À Marseille, 2 700 établissements recevant du public sont soumis à des visites mais, selon leur capacité et leur type d’activité, tous ne sont pas soumis aux mêmes règles.

/ Photo illustration Maxppp – Jean-Baptiste Quentin

« Le drame de Crans-Montana a bouleversé tout le monde, chez les professionnels comme chez les clients. En tant que gérant d’un établissement de nuit, on savait qu’il faudrait faire des efforts pour rassurer, et se mettre en conformité si nécessaire. » Au Seven, on promet donc ne pas avoir attendu l’injonction de la Ville pour « vider le local et entamer de gros travaux ». Comme deux autres bars des nuits marseillaises, le Faranight (11e) et le Spazio (1er), le « bar musical » de la rue Venture (1er) fait l’objet d’un arrêté de fermeture publié par la municipalité le 15 janvier et repéré par La Marseillaise. Les services de la Ville considèrent qu’ils ne répondent pas au règlement de sécurité « contre les risques d’incendie et de panique dans les établissements recevant du public (ERP) ». Des cas qui semblent illustrer « l’attention particulière » demandée par le ministre de l’Intérieur aux préfets et aux autorités locales sur « les débits de boissons qui accueillent des soirées dansantes », après l’incendie du Constellation, qui a fait 40 morts et 116 blessés en Suisse, le soir du Nouvel An.

Changer d’activité plutôt que mettre aux normes

À Marseille, 2 700 ERP sont soumis à des visites mais, selon leur capacité et leur type d’activité, tous ne sont pas soumis aux mêmes règles. Pour ceux accueillant moins de 1 500 personnes, c’est la commission communale de sécurité, présidée par le maire et à laquelle est associé le Bataillon des marins-pompiers, qui a la charge des contrôles, les autres sont sous l’autorité de la Préfecture. Regroupées sous l’appellation « salles de danse et de jeux », les discothèques sont soumises à l’une des réglementations les plus strictes, avec notamment l’obligation de pouvoir réaliser « une coupure générale électrique », « le dégagement complet d’une issue de secours en sous-sol » ou « une vérification triennale du désenfumage mécanique ». Trois carences pointées par l’arrêté de la Ville concernant le Seven.
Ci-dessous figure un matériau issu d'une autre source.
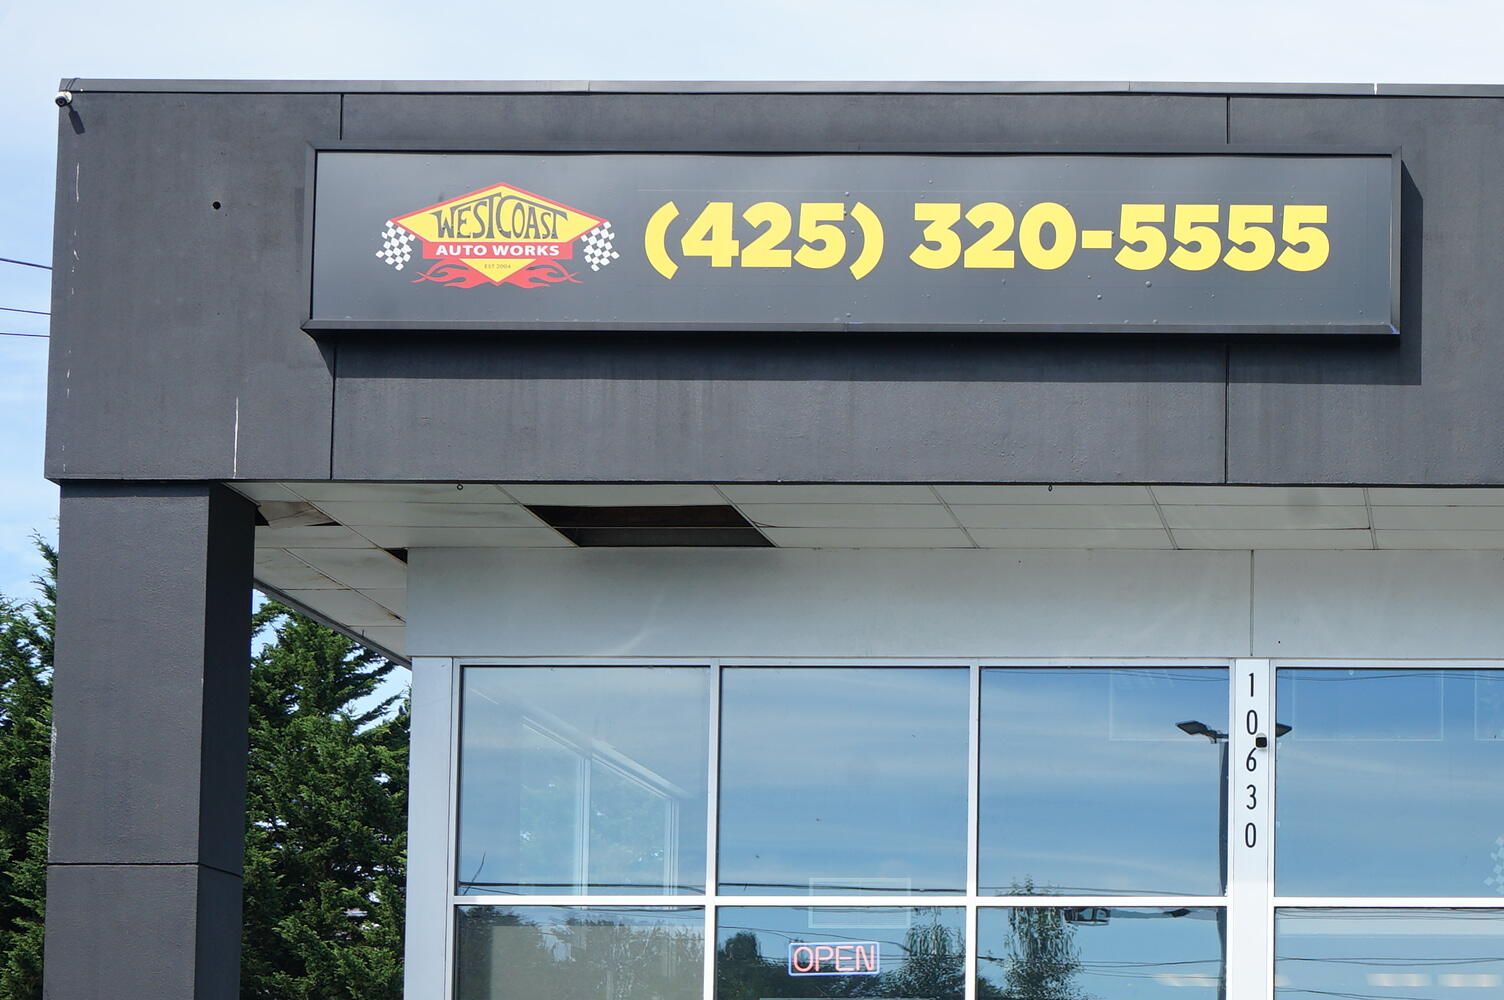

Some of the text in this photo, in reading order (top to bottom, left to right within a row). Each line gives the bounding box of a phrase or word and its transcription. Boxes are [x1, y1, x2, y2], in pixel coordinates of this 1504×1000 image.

« Pour les bars musicaux et les discothèques, la réglementation est la plus dure et il est parfois difficile de répondre à toutes les exigences, compte tenu notamment de la nature du bâti, décrit le gérant du Seven. Nous sommes au rez-de-chaussée d’un vieil immeuble, ce qui rend presque impossible certains aménagements. Sans attendre l’arrêté, nous avons pris en compte les observations de la Ville. Nous sommes conscients de notre responsabilité, ce qui nous a conduits à décider d’un changement d’activité pour transformer le Seven en restaurant. » Vidé depuis début janvier, l’établissement est donc déjà fermé pour travaux de sécurité mais aussi un chantier plus important mené par la propriétaire de l’immeuble, pour l’ouverture d’un restaurant « avant l’été ».
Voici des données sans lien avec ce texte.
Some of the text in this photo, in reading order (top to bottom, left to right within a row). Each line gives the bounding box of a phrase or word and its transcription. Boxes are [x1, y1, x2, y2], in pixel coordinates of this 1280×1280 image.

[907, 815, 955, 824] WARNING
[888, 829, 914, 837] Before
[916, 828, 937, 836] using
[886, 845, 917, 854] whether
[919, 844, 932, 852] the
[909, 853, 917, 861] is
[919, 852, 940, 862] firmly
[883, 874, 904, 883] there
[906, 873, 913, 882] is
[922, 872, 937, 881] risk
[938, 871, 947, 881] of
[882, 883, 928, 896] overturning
« Prise de conscience » et « transparence sécuritaire »

Si ce gérant n’a « jamais eu de problèmes » sur ces questions, il fait état d’une « prise de conscience » chez les professionnels. Des patrons disent avoir abandonné les bougies fontaines, à l’origine de l’incendie à Crans-Montana, pour les remplacer par des leds. « Il y a un avant et un après Crans-Montana, estime Nicolas Guyot, vice-président de l’Union des métiers et des industries de l’hôtellerie (Umih) des Bouches-du-Rhône. Après ce drame, nous avons rappelé nos adhérents à leurs responsabilités et la nécessité d’être a jour sur les abonnements d’entretien notamment, même s’il y a beaucoup de contrôles et finalement peu d’abus. »

Reste qu’un besoin de clarification semble nécessaire pour certains bars (qui répondent à la réglementation moins stricte des « bars, restaurants et petites brasseries ») dont l’activité réelle peut offrir de la danse, notamment en sous-sol. Pour rassurer, le président national de l’Umih a plaidé pour une « transparence sécuritaire » lors d’une rencontre avec le ministre de l’Intérieur, pour afficher la date, le type de contrôle et la catégorie des établissements sur leur devanture.

De son côté, la Ville indique « suivre les directives ministérielles et renforcer l’information sur le respect des règles de sécurité incendie et les contrôles dans les établissements festifs », depuis le drame de Crans-Montana. Elle ajoute « avoir planifié des visites inopinées en particulier dans des établissements ayant fait l’objet de signalements ou particulièrement suivis par la commission de sécurité ». Des visites qui s’ajoutent aux « 600 à 700 lieux inspectés chaque année » par la Ville et les marins-pompiers.